Under hot weather conditions, there is often a tendency to apply more, rather than less, water so as to be sure that drought stress does not occur. This can promote soft conditions and places additional stress on the turf. When turfgrass is over-watered, soil pore space that is normally filled with air is then filled with water, and root decline can occur due to a lack of oxygen. Roots do not grow deeper in search of water. By contrast, soils that have adequate moisture and oxygen levels promote deeper root development and more root mass. Water also conducts heat, dangerously increasing soil temperatures under hot, saturated conditions.

Fine turf performs better when efforts are made to promote and maintain drier conditions.

Ways to assess the watering needs for turfgrass vary from high tech computers and evapo-transpiration devices to simple visual assessments of the water and moisture status of both the turf and the soil by foot-printing techniques and through the visible wilting of grass leaves. If you simply step on the green or turf area being checked and the turf does not have enough moisture in the leaf for it to bounce back or recover, instead it leaves a stressed looking footprint on the turf, then the turf lacks water. Soil moisture should be checked with a soil probe to a 6-8 inch depth. By experience, the Golf Course Superintendent should identify these indicator sites where turfgrass water stress first occurs.

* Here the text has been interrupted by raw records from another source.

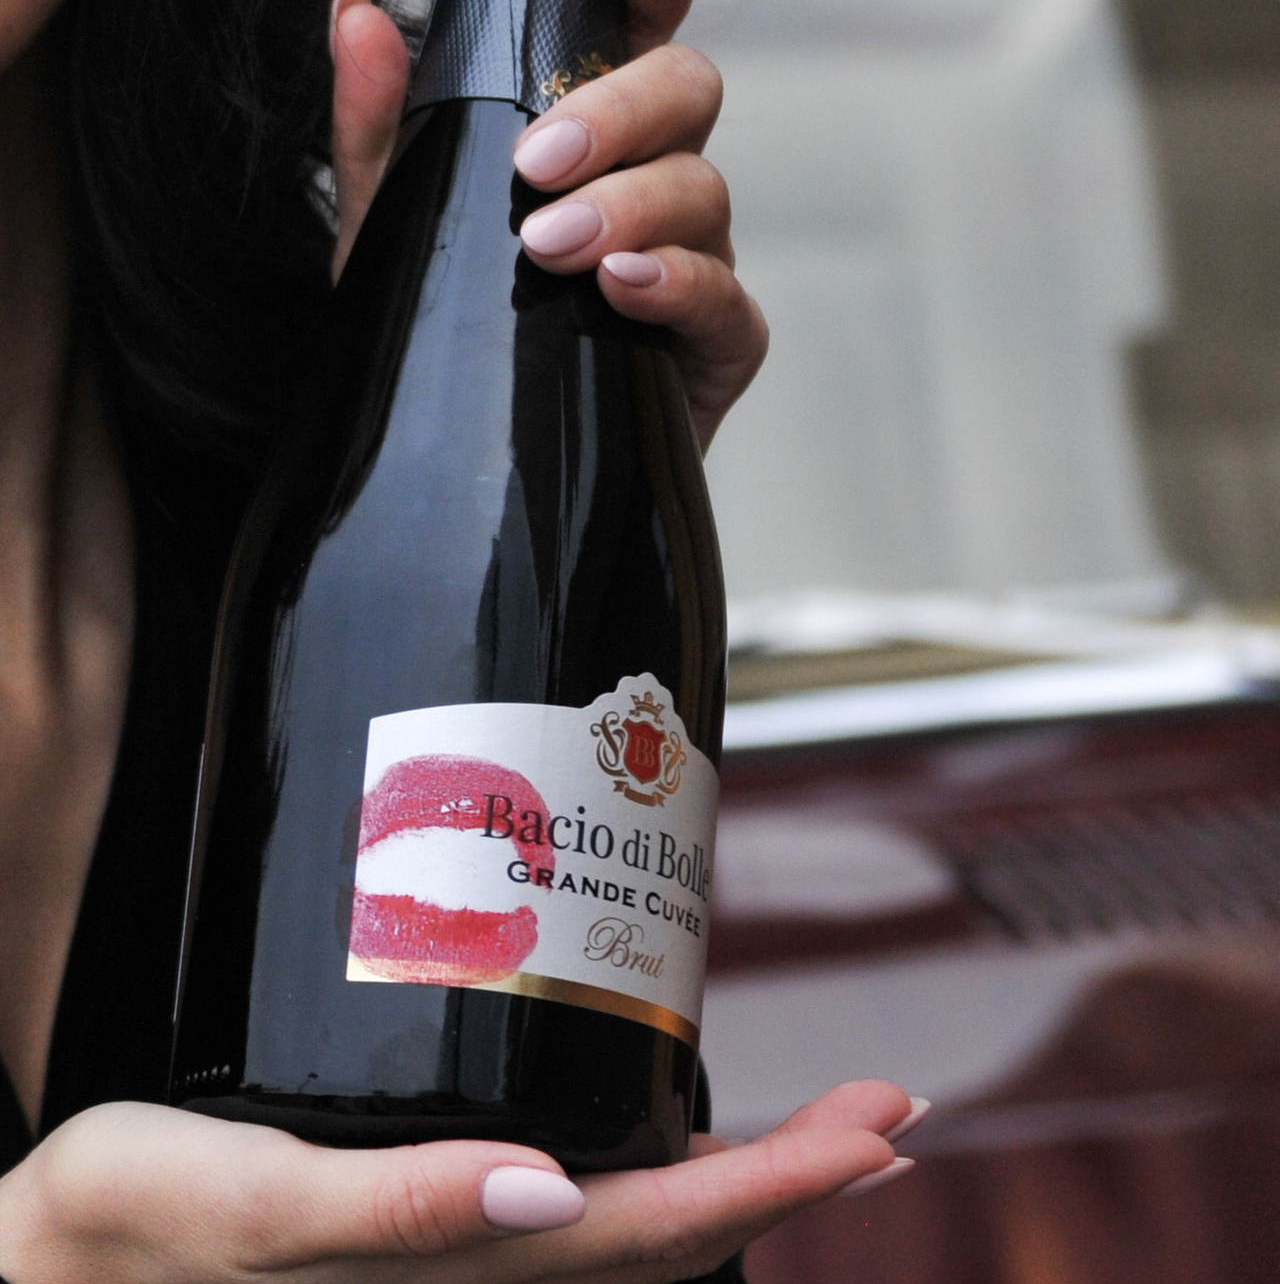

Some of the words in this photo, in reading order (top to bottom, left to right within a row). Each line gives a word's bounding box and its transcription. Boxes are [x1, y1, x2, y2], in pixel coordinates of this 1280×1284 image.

[480, 793, 614, 859] Bacio
[622, 828, 651, 872] di
[507, 860, 637, 909] GRANDE
[645, 891, 701, 938] CUVÉE
[584, 917, 665, 978] Brut
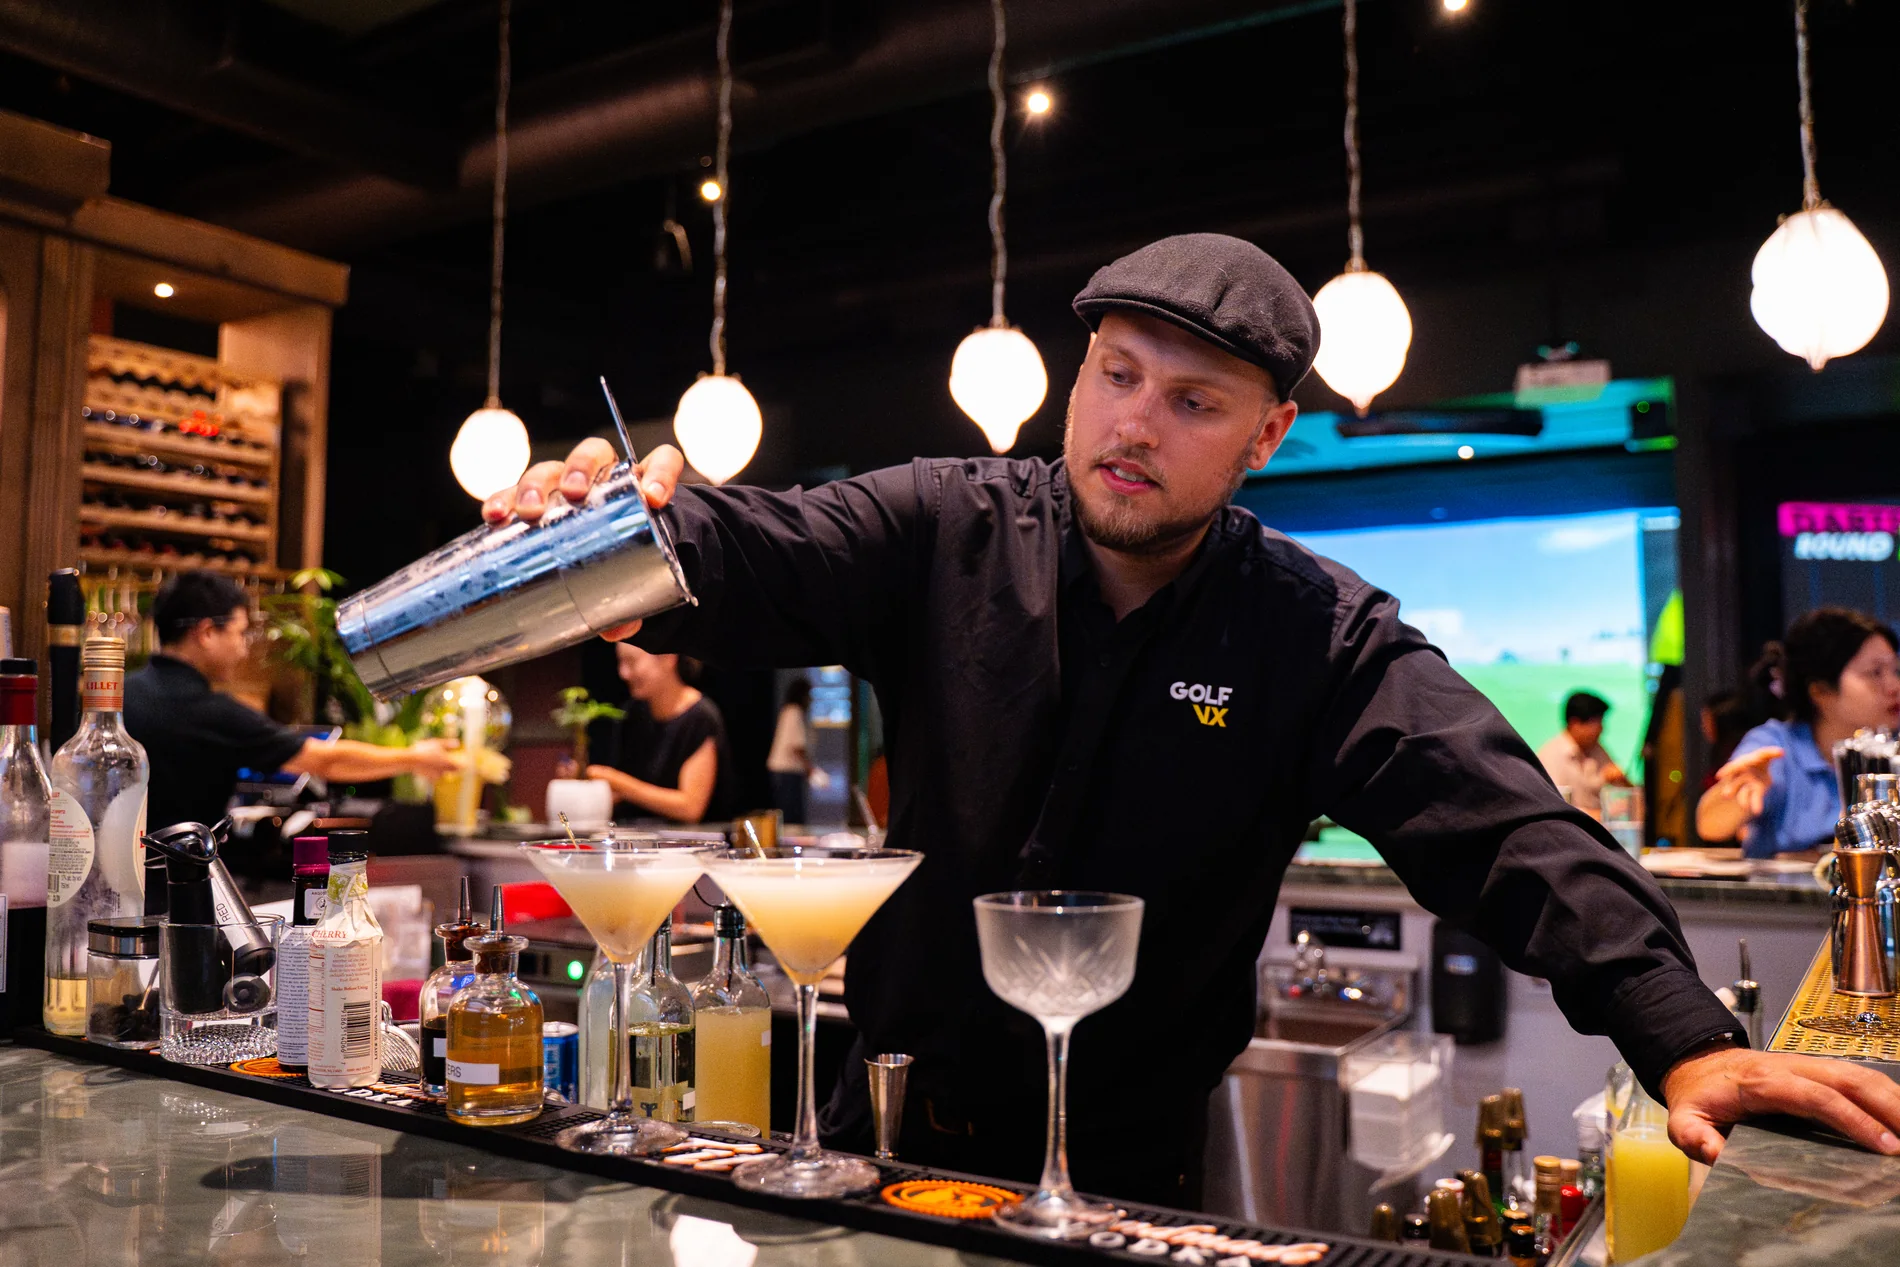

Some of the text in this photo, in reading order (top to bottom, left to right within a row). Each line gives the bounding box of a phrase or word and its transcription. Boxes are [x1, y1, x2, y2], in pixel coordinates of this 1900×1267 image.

[85, 681, 118, 690] LILLET
[1169, 681, 1233, 706] GOLF
[1192, 703, 1229, 728] VX
[215, 902, 232, 923] RED
[311, 929, 348, 939] CHERRY

Application of water to a turf area should be determined by the Superintendent based on (a) environmental conditions such as rainfall, sunlight and / or cloudy or shaded conditions, (b) replacing water that was utilized by the turf in the root zone, and (c) watering in fertilizers and / or insecticides.

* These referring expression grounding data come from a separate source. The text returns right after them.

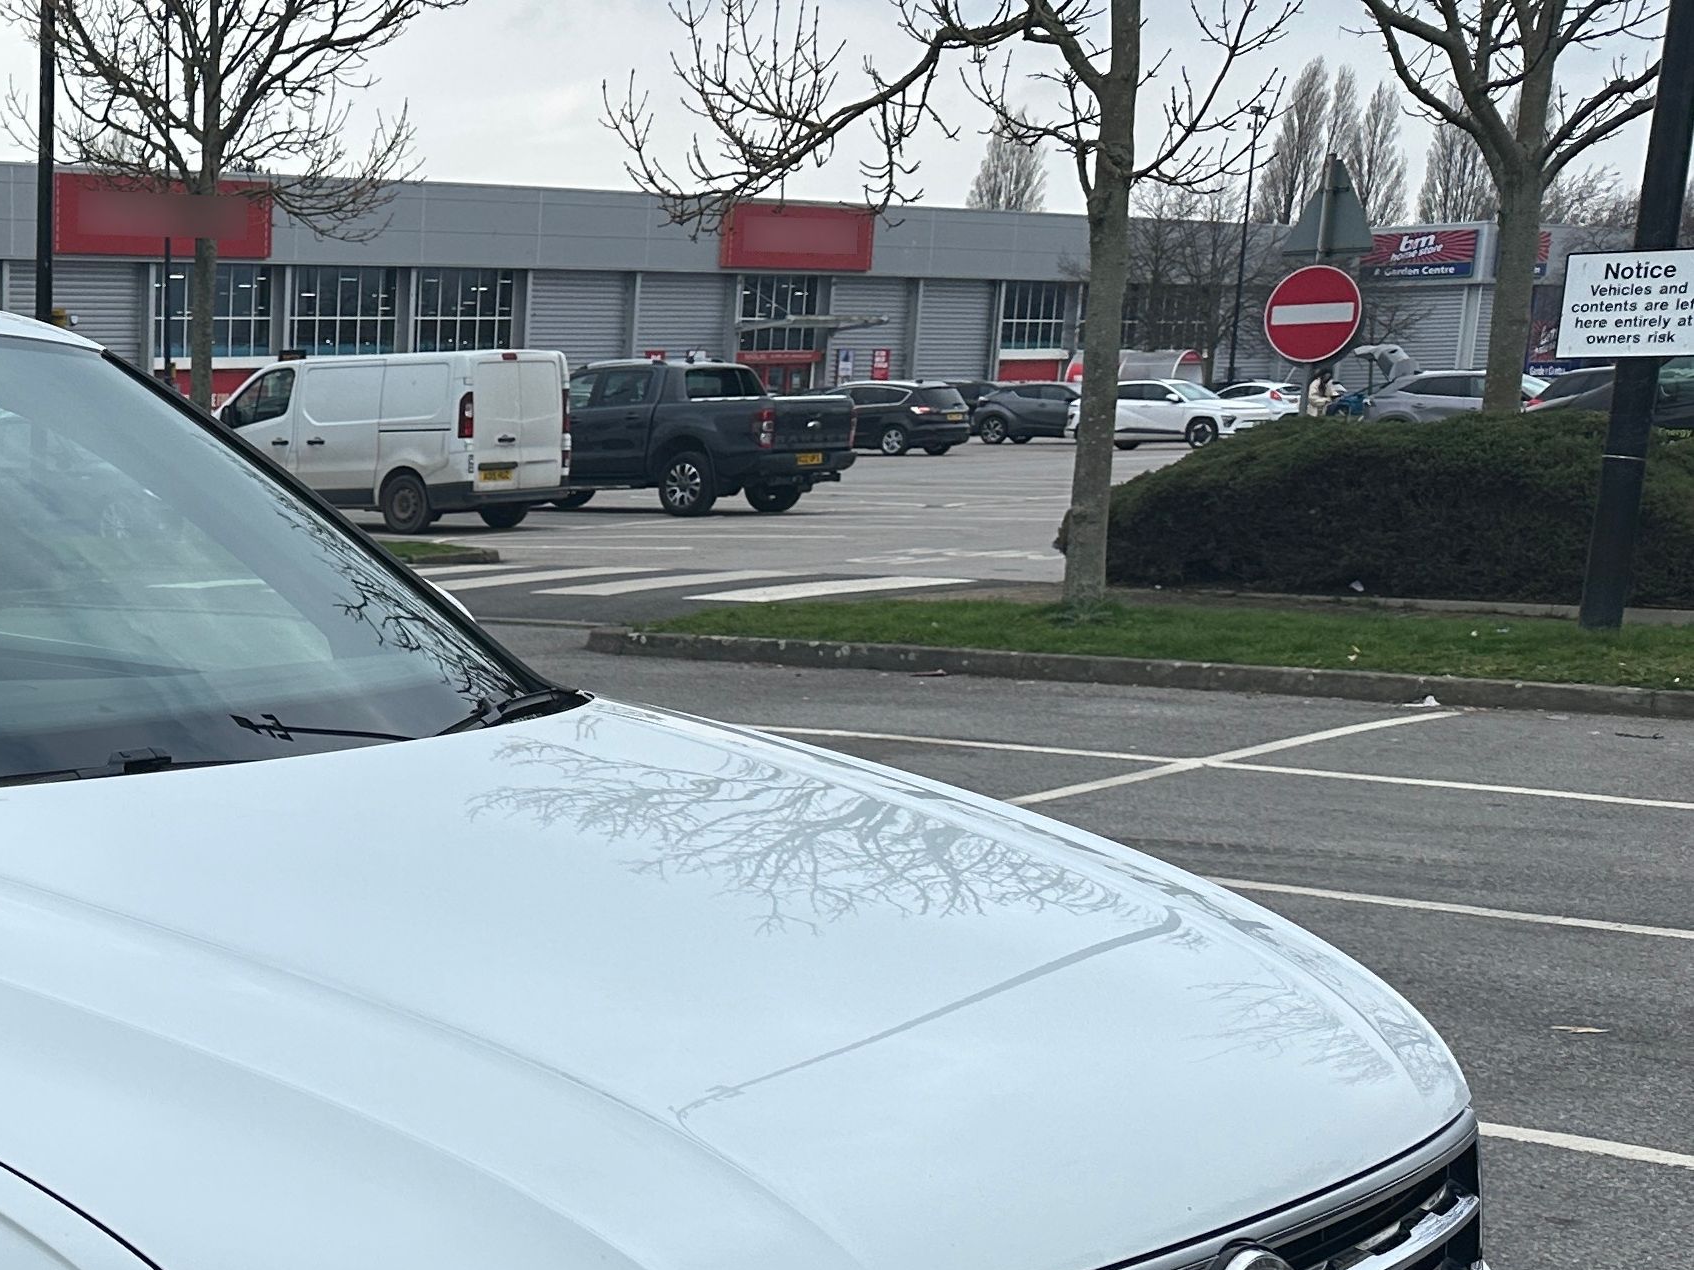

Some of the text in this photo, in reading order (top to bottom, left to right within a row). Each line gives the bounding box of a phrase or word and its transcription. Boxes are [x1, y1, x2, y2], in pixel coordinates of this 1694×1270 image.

[1421, 265, 1455, 275] Centre
[1604, 260, 1677, 280] Notice
[1590, 282, 1688, 297] Vehicles and
[1571, 300, 1638, 313] contents
[1644, 301, 1669, 312] are
[1574, 315, 1694, 330] here entirely at
[1586, 331, 1676, 345] owners risk

The appropriate level of water to apply should be equivalent to that removed from the soil since the last irrigation or rainfall. The actual amount of water applied also depends on the water retention characteristics of the soil.

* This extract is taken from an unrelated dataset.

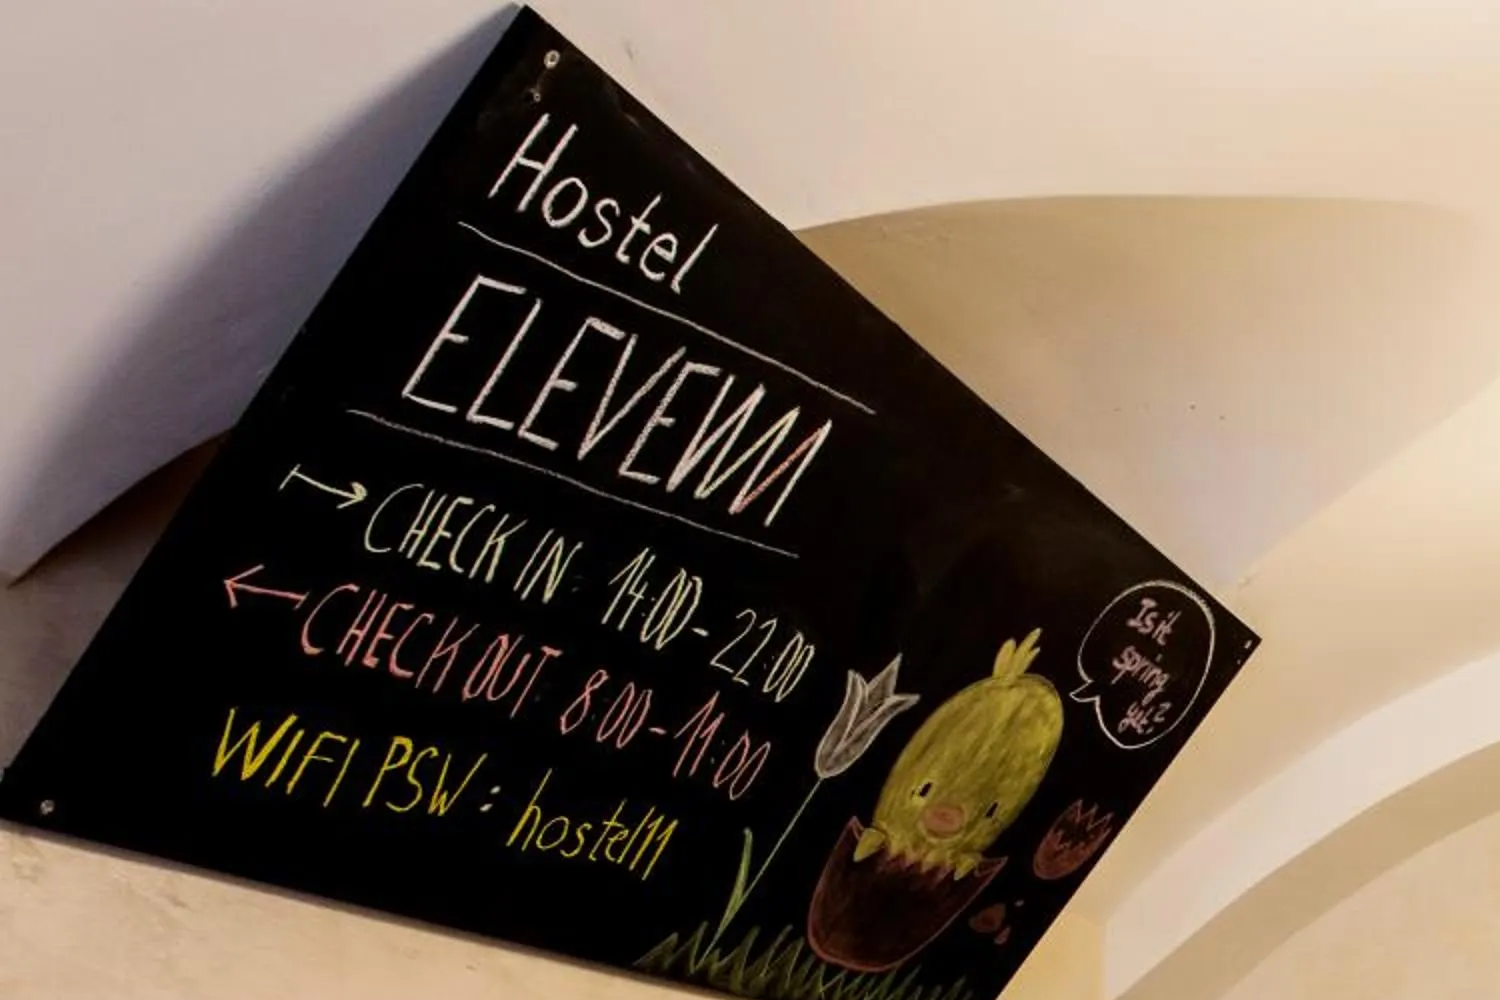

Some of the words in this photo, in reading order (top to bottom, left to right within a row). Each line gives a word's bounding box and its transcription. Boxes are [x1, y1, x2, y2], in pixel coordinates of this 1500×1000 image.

When and how much to irrigate is one of the most difficult decisions in golf course turfgrass culture. Unfortunately, irrigation practices and systems are too often misunderstood and misused. Many golfers tend to rate the golf course conditions on how green and lush the turf is and a green colour is expected at all times. However, such a green turf is not the most healthy or playable.

Water is one of the planet's most precious resources. Both golfers and Club Management should make a concerted effort to learn how to understand and manage it for the greater good of all areas involved.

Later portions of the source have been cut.